* _TASK ITEM_: Please give back all the records exactly, but keep the pictures out.

* _Annotated photo localization data_:
%%

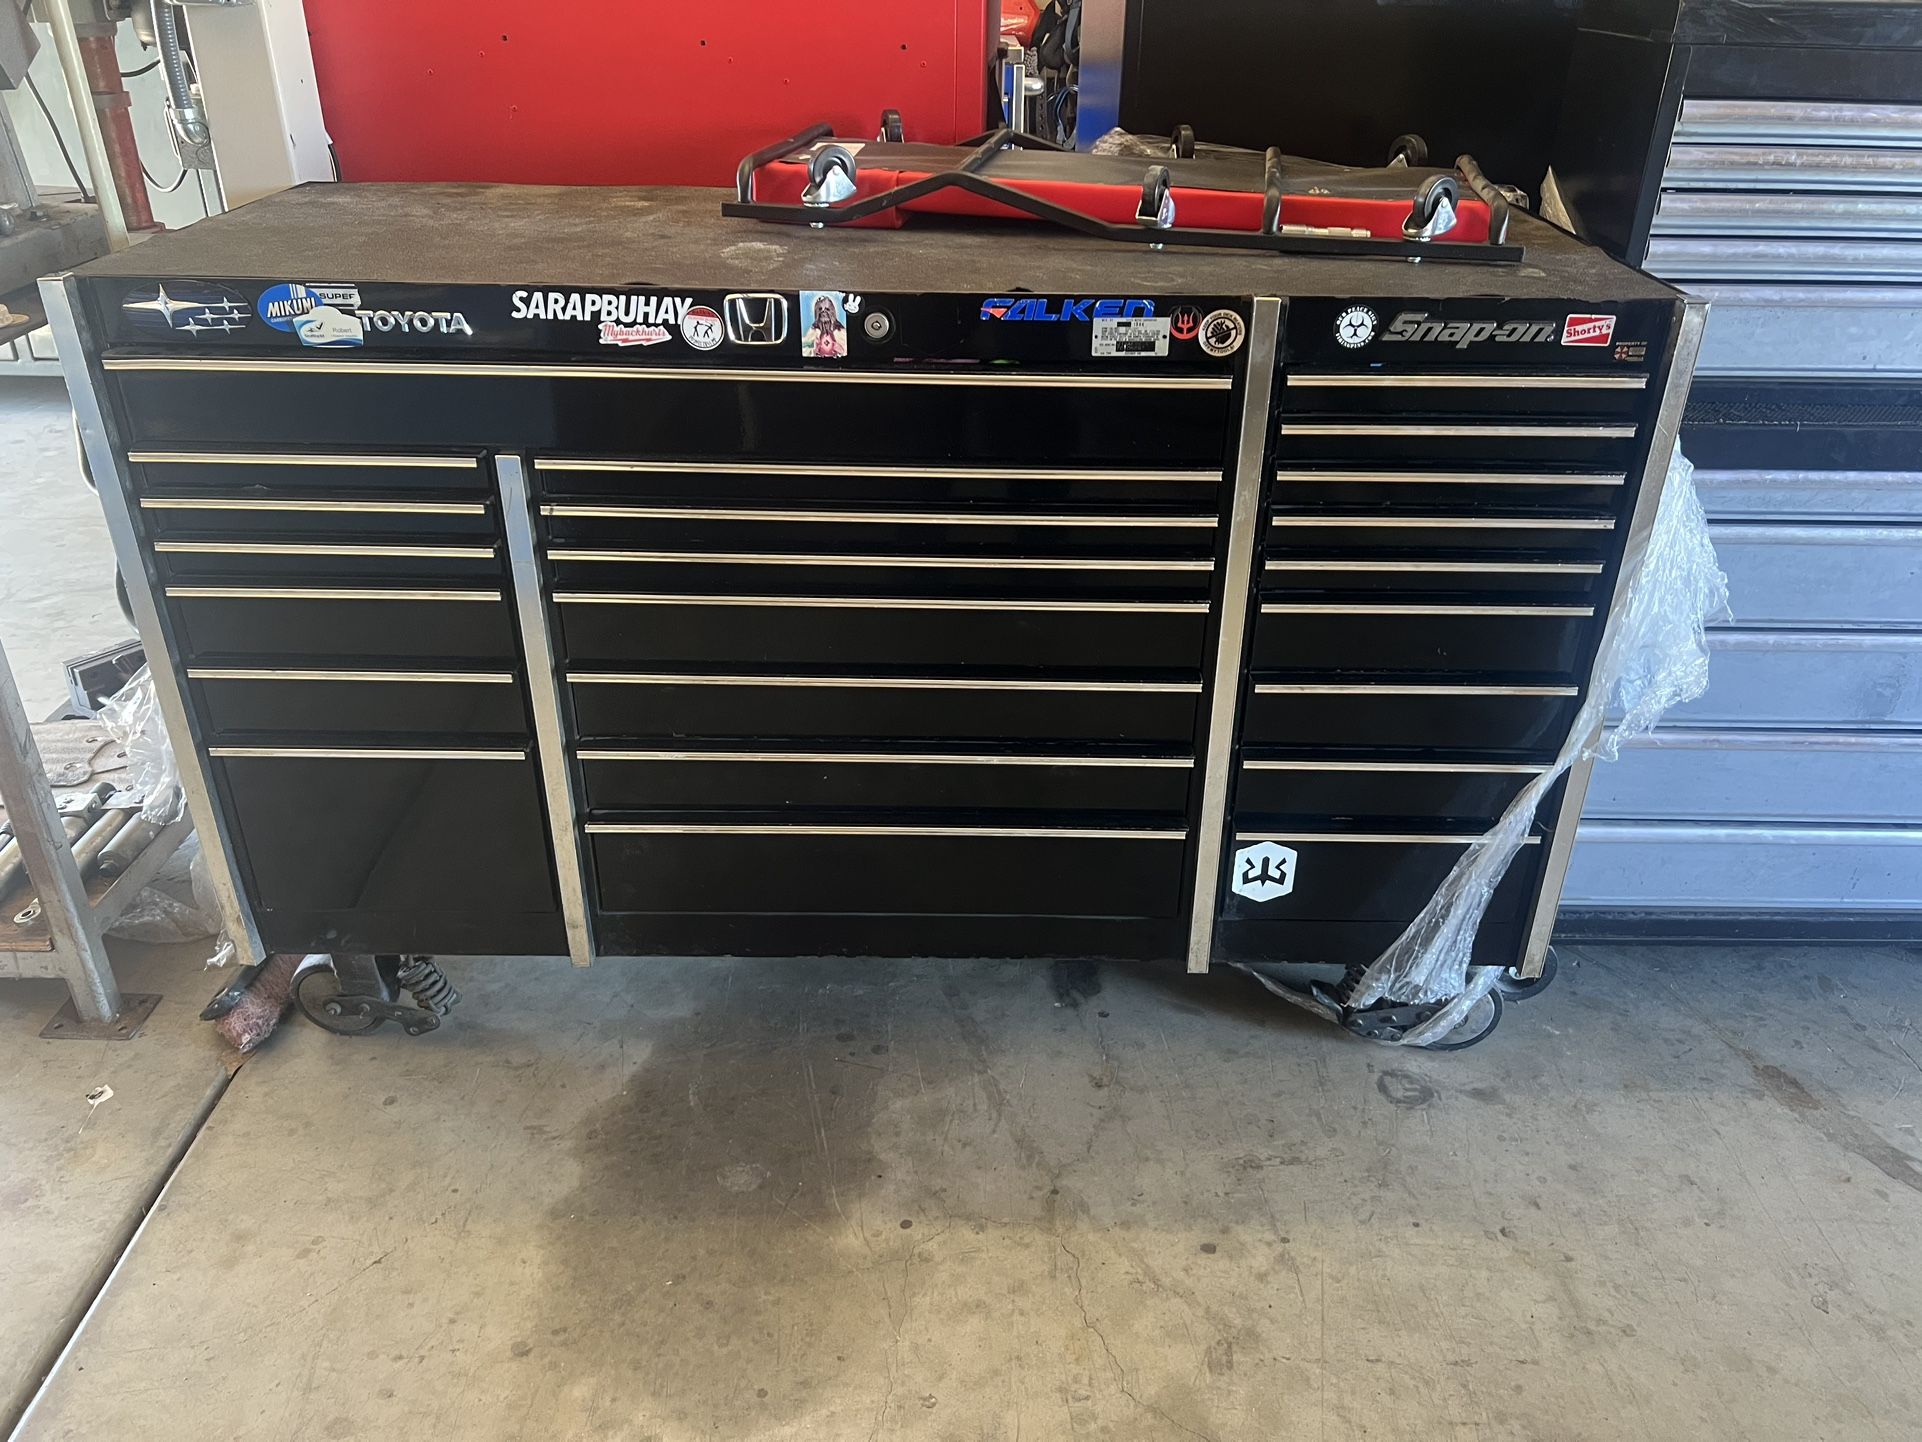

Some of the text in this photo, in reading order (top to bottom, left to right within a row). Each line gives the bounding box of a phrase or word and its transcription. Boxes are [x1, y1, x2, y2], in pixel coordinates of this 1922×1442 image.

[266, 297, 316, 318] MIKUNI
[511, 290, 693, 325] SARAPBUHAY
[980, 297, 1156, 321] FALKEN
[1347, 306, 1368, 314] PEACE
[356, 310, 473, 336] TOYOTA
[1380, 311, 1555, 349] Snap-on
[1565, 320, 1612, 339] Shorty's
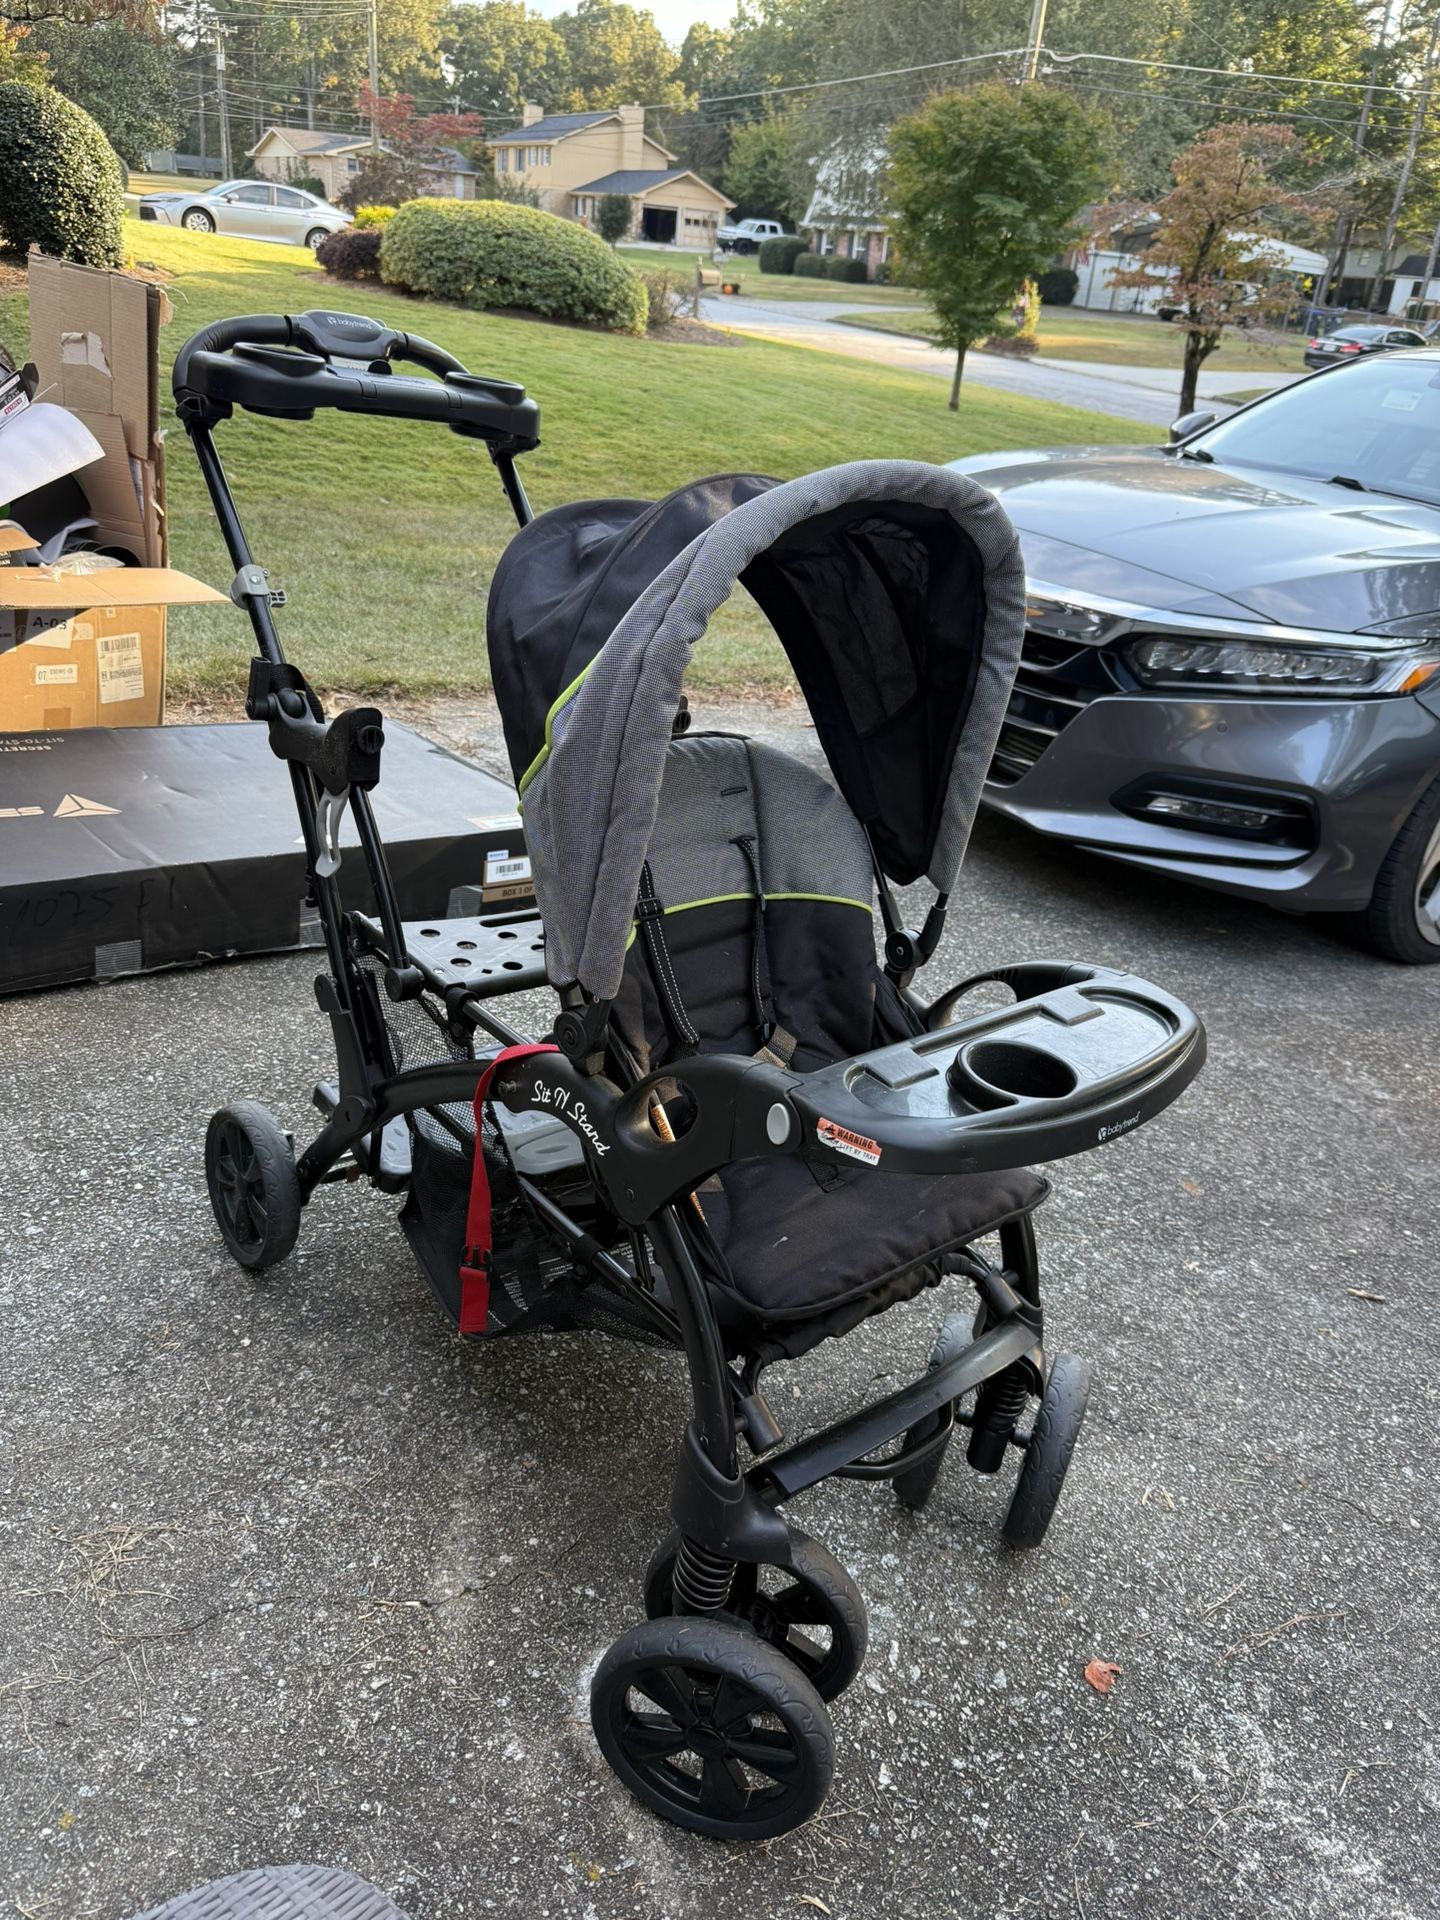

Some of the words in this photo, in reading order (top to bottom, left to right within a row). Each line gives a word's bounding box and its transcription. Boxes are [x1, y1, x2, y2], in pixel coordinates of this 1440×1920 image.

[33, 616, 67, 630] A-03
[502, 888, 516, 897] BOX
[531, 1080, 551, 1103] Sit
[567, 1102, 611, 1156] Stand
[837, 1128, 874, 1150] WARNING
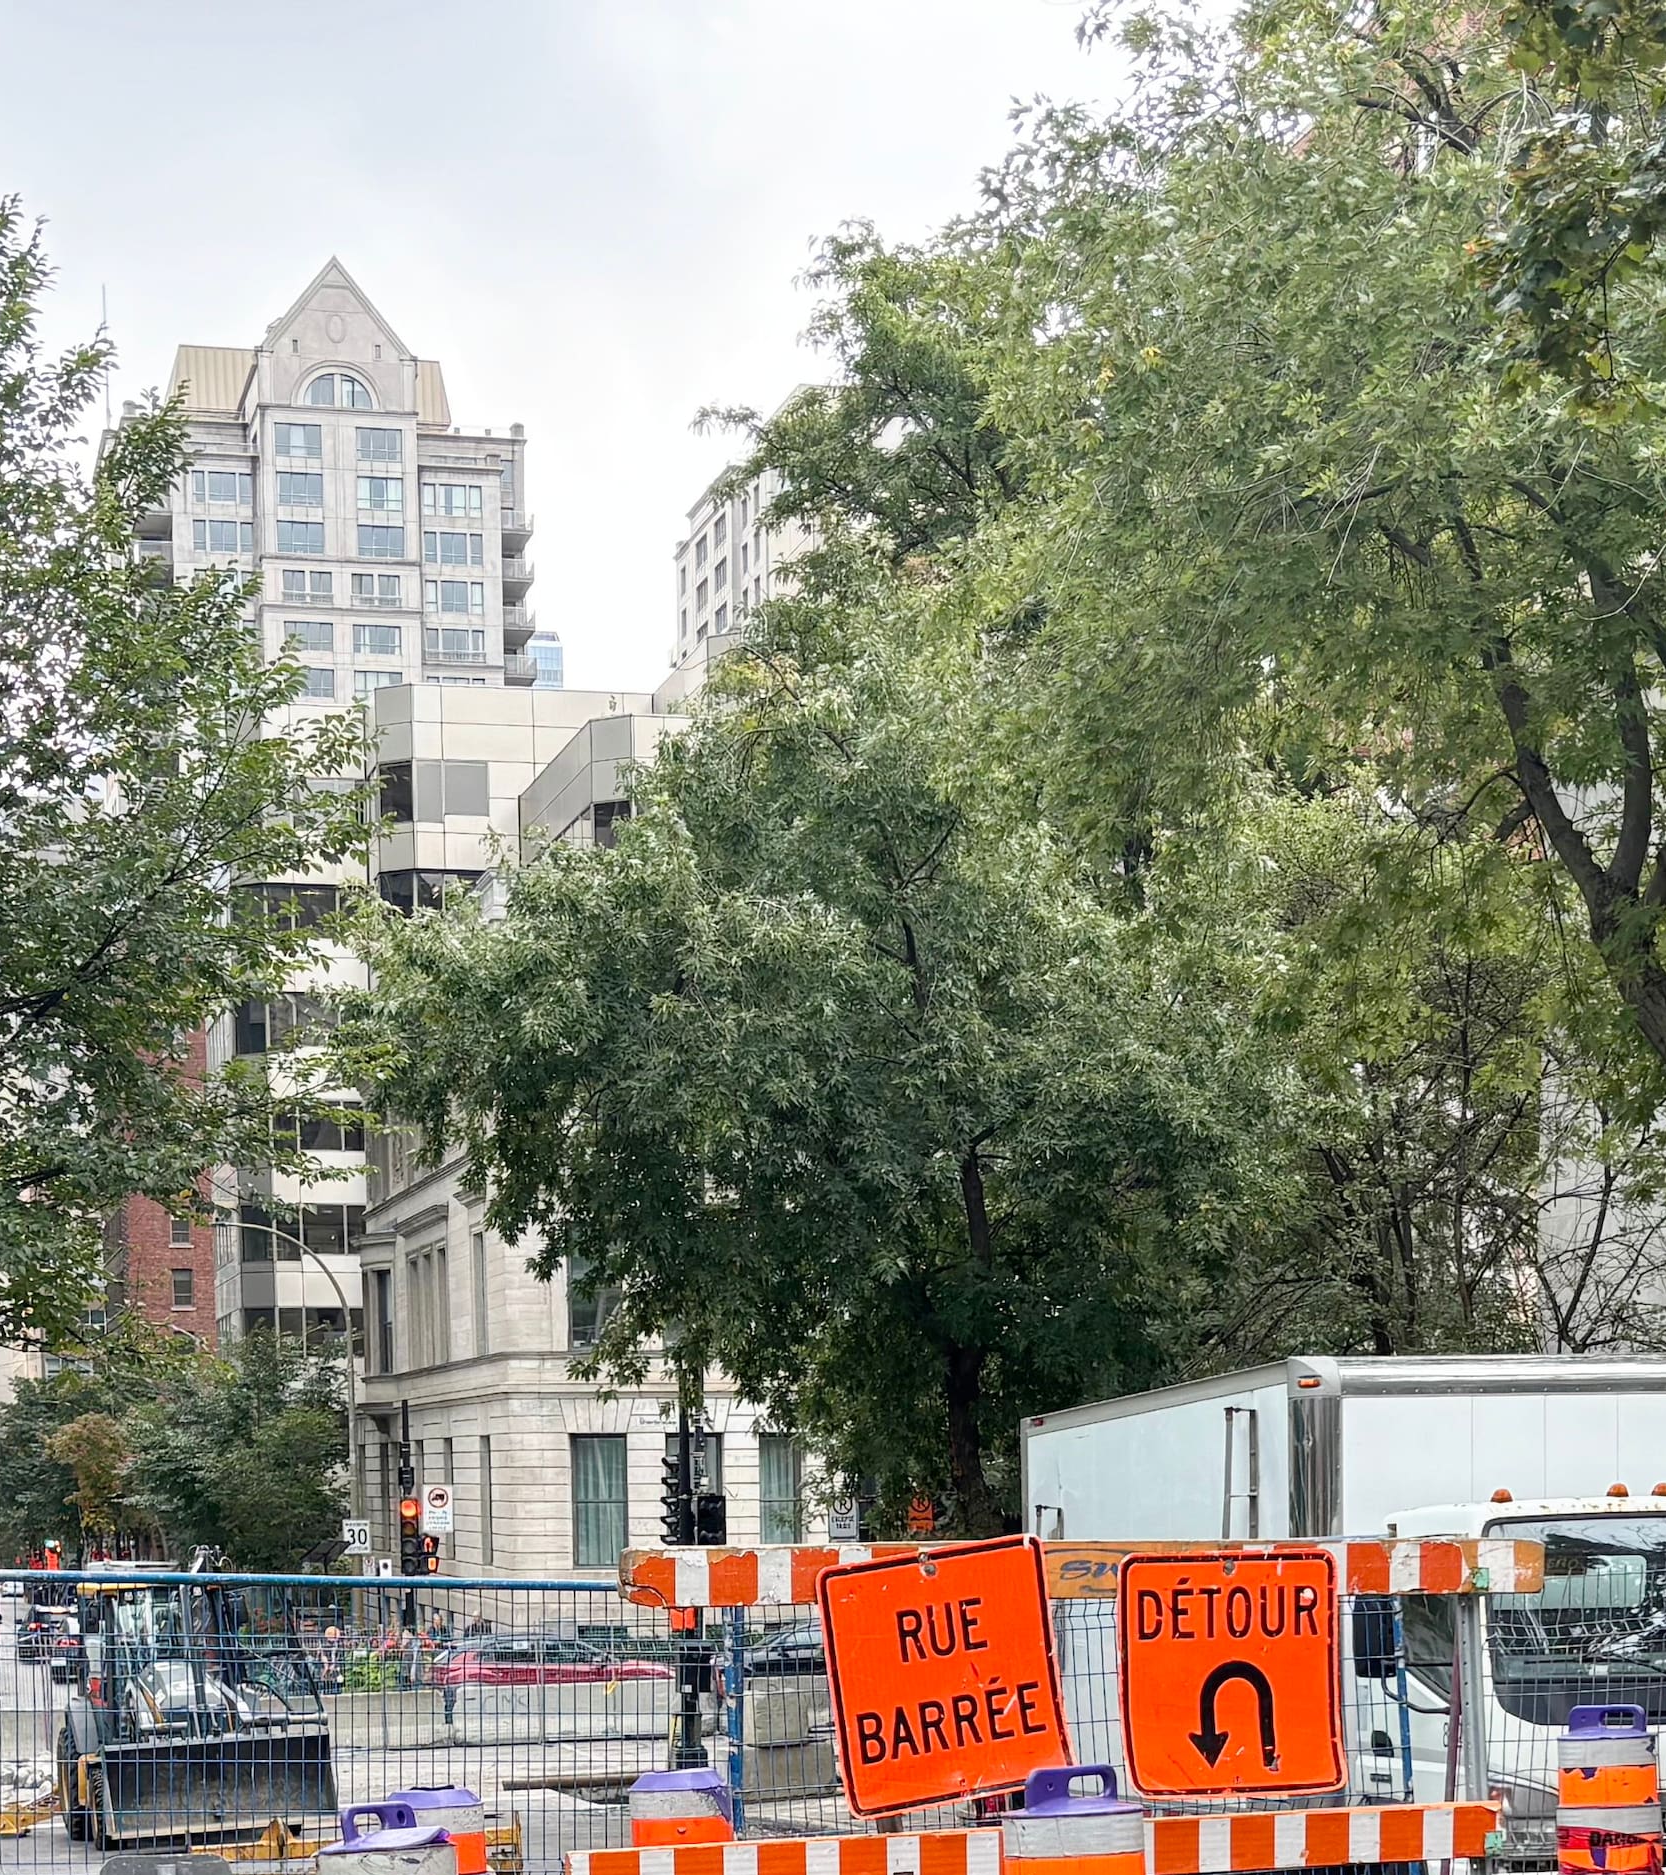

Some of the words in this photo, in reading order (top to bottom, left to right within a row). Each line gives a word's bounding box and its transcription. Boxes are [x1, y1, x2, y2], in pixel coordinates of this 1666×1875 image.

%%

* _EXERCISE OUTPUT_:
Some of the text in this photo, in reading order (top to bottom, left to right within a row). Each line gives the bounding box of a phrase or word and its transcription. Boxes are [x1, y1, x2, y2], in pixel coordinates of this 1922×1442 image.

[266, 297, 316, 318] MIKUNI
[511, 290, 693, 325] SARAPBUHAY
[980, 297, 1156, 321] FALKEN
[1347, 306, 1368, 314] PEACE
[356, 310, 473, 336] TOYOTA
[1380, 311, 1555, 349] Snap-on
[1565, 320, 1612, 339] Shorty's

Some of the words in this photo, in reading order (top to bottom, left to right within a row). Each line gives a word's bounding box and its transcription. Boxes are [x1, y1, x2, y2], in pixel coordinates of this 1440×1920 image.

[33, 616, 67, 630] A-03
[502, 888, 516, 897] BOX
[531, 1080, 551, 1103] Sit
[567, 1102, 611, 1156] Stand
[837, 1128, 874, 1150] WARNING

Some of the words in this photo, in reading order (top to bottom, left to right within a row). Each line gives a word's bounding box and its transcription. Boxes are [x1, y1, x2, y2], in pixel coordinates of this 1666×1875 image.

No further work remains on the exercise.